There are two architecturally distinct ways to ship the same span twice:

  • Direct mode — two SpanProcessor instances on a single TracerProvider, no Collector required.
  • Collector mode — the app emits OTLP/HTTP to a local OpenTelemetry Collector, which fans out to both backends via two named otlp_http exporters.

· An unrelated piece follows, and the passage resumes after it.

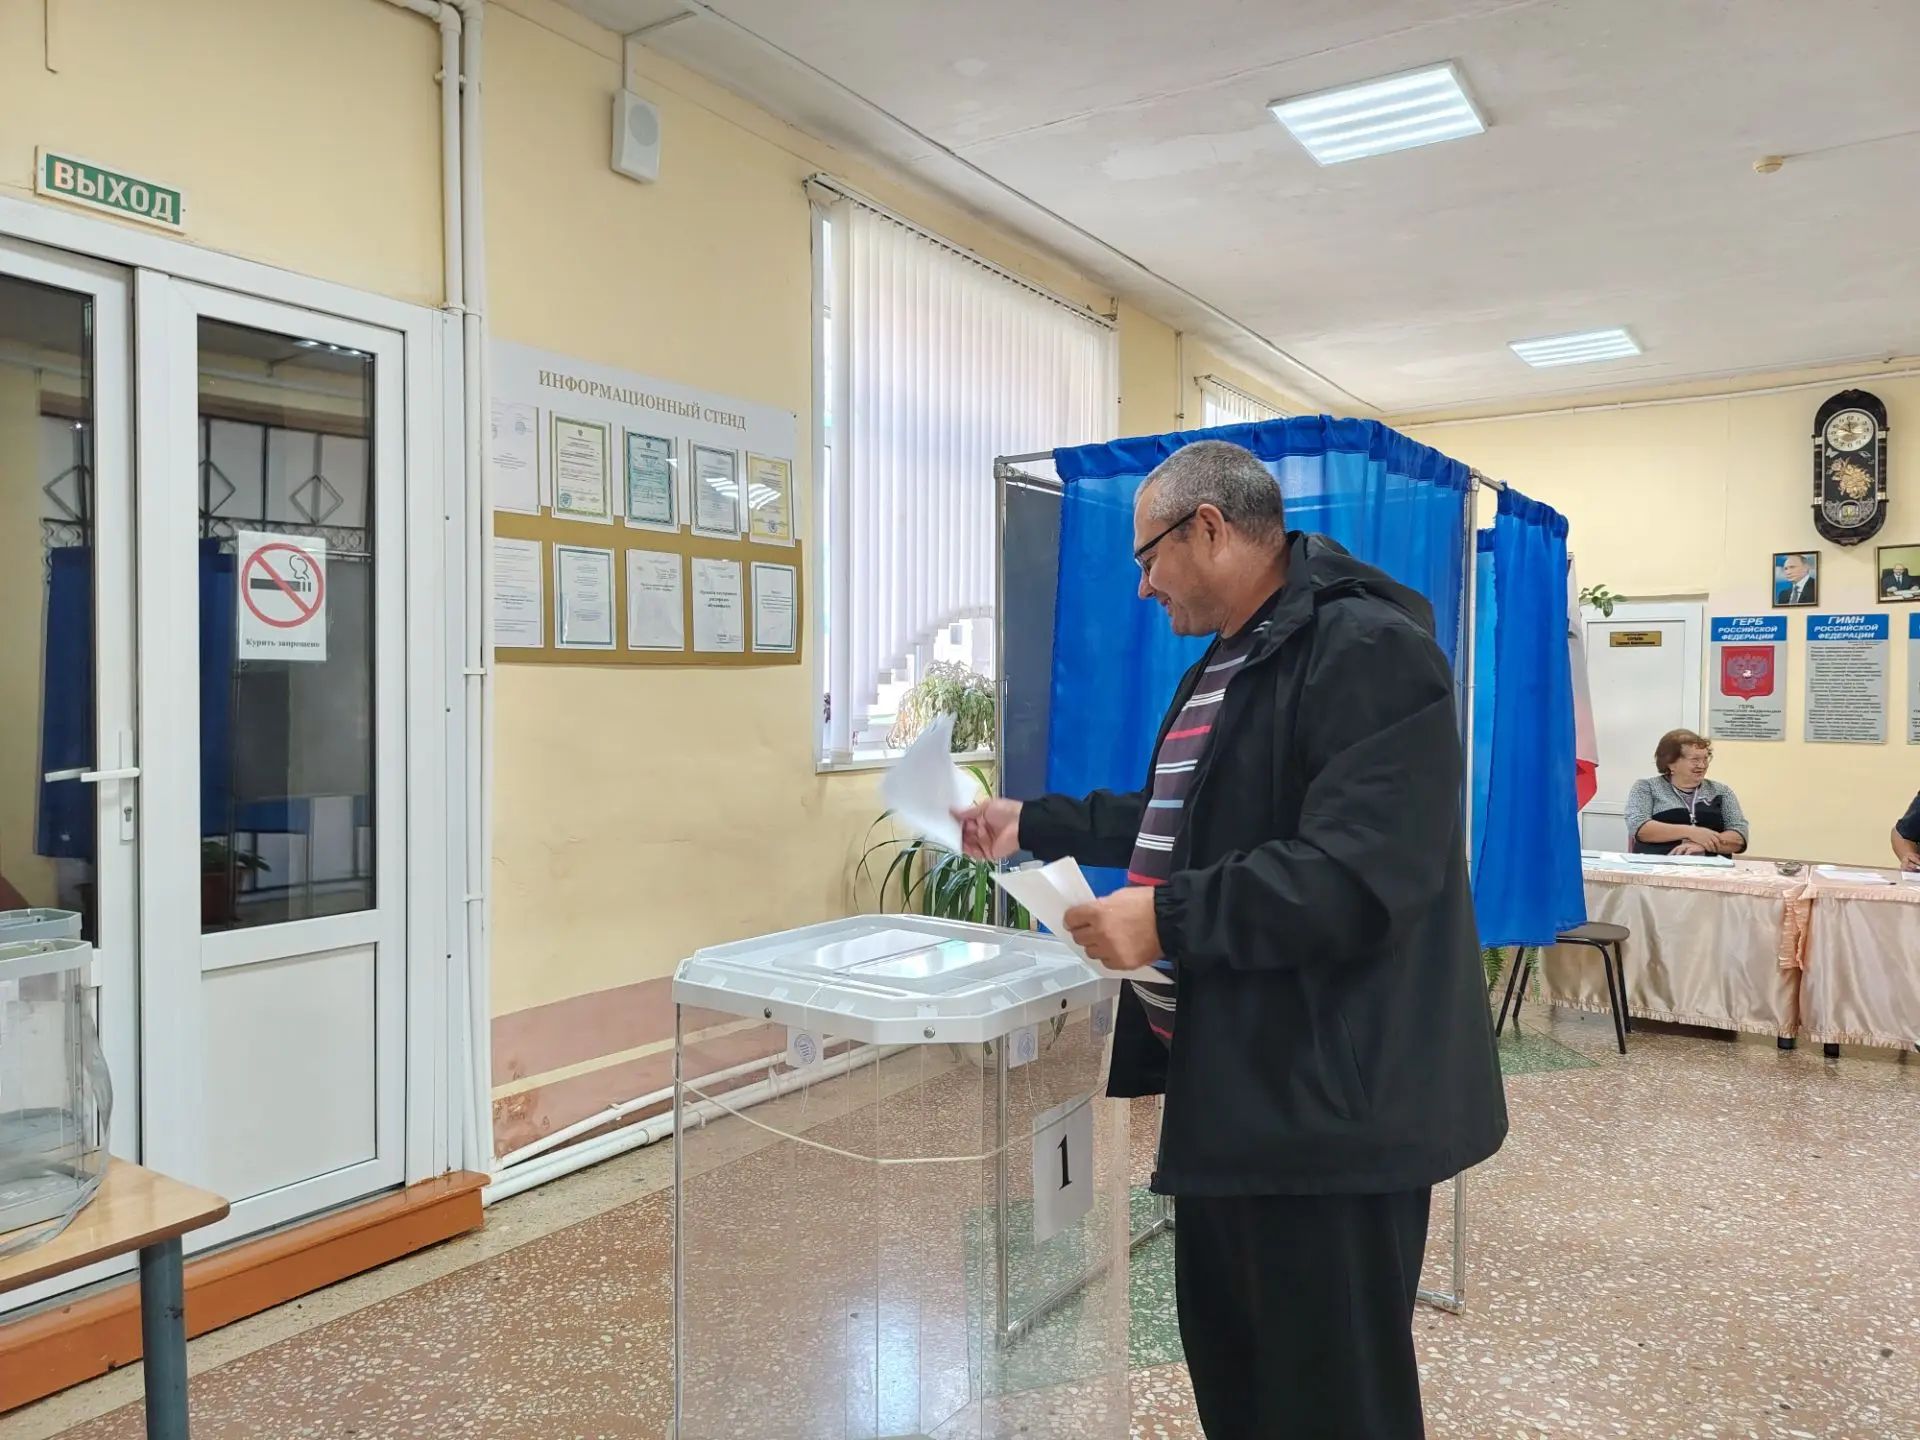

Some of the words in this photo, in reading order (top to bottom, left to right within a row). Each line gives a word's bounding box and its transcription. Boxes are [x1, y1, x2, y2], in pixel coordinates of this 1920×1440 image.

Both patterns are demonstrated below in Python and Node.

Prerequisites

  1. Last9 Account — Sign up at app.last9.io and grab your OTLP endpoint and auth header from Integrations → OpenTelemetry.
  2. Braintrust account — Get an API key from braintrust.dev/app/settings/api-keys and create a project (the example uses last9-otel-example).
  3. OpenAI API key — Used by the demo workload in the runnable examples.
  4. Python 3.10+ or Node.js 18+.

The complete runnable examples live in the last9/opentelemetry-examples repository:

Direct mode — two SpanProcessors, no Collector

In this mode the app owns the OTel TracerProvider and attaches two SpanProcessor instances:

  • BraintrustSpanProcessor (from braintrust[otel] / @braintrust/otel) routes spans to Braintrust and stamps the required x-bt-parent routing header.
  • BatchSpanProcessor(OTLPSpanExporter) ships the same spans to Last9 over OTLP/HTTP.

Both backends receive identical trace IDs because both processors observe the same span objects.

  1. Install dependencies

    pip install "braintrust[otel]" openai \
    opentelemetry-api opentelemetry-sdk \
    opentelemetry-exporter-otlp-proto-http
  2. Set environment variables

    # Service identity
    export OTEL_SERVICE_NAME=braintrust-direct-example
    export DEPLOYMENT_ENV=local
    # Last9 — base URL only, no /v1/traces path
    export LAST9_OTLP_ENDPOINT=<your-last9-otlp-endpoint>
    export LAST9_OTLP_AUTH="Basic <your-last9-credentials>"
    # Braintrust
    export BRAINTRUST_API_KEY=<your-braintrust-api-key>
    export BRAINTRUST_PARENT="project_name:last9-otel-example"
    # Workload
    export OPENAI_API_KEY=<your-openai-api-key>
  3. Initialize the TracerProvider with two processors

    import os
    from braintrust.otel import BraintrustSpanProcessor
    from opentelemetry import trace
    from opentelemetry.exporter.otlp.proto.http.trace_exporter import OTLPSpanExporter
    from opentelemetry.sdk.resources import SERVICE_NAME, Resource
    from opentelemetry.sdk.trace import TracerProvider
    from opentelemetry.sdk.trace.export import BatchSpanProcessor
    resource = Resource.create({
    SERVICE_NAME: os.environ["OTEL_SERVICE_NAME"],
    "deployment.environment": os.environ.get("DEPLOYMENT_ENV", "local"),
    })
    provider = TracerProvider(resource=resource)
    # Braintrust: reads BRAINTRUST_API_KEY, BRAINTRUST_PARENT, BRAINTRUST_API_URL.
    provider.add_span_processor(BraintrustSpanProcessor())
    # Last9: explicit endpoint + headers.
    last9_endpoint = os.environ["LAST9_OTLP_ENDPOINT"].rstrip("/")
    provider.add_span_processor(BatchSpanProcessor(OTLPSpanExporter(
    endpoint=f"{last9_endpoint}/v1/traces",
    headers={"Authorization": os.environ["LAST9_OTLP_AUTH"]},
    )))
    trace.set_tracer_provider(provider)
  4. Flush before exit

    BatchSpanProcessor buffers spans for up to five seconds. A short-lived script that exits before the flush timer drops every span silently. Call force_flush and shutdown in your script’s exit path:

    provider.force_flush()
    provider.shutdown()

Collector mode — fan-out at the OpenTelemetry Collector

In this mode the app emits OTLP/HTTP to a single local Collector. The Collector’s trace pipeline declares two otlp_http exporters and routes every span to both.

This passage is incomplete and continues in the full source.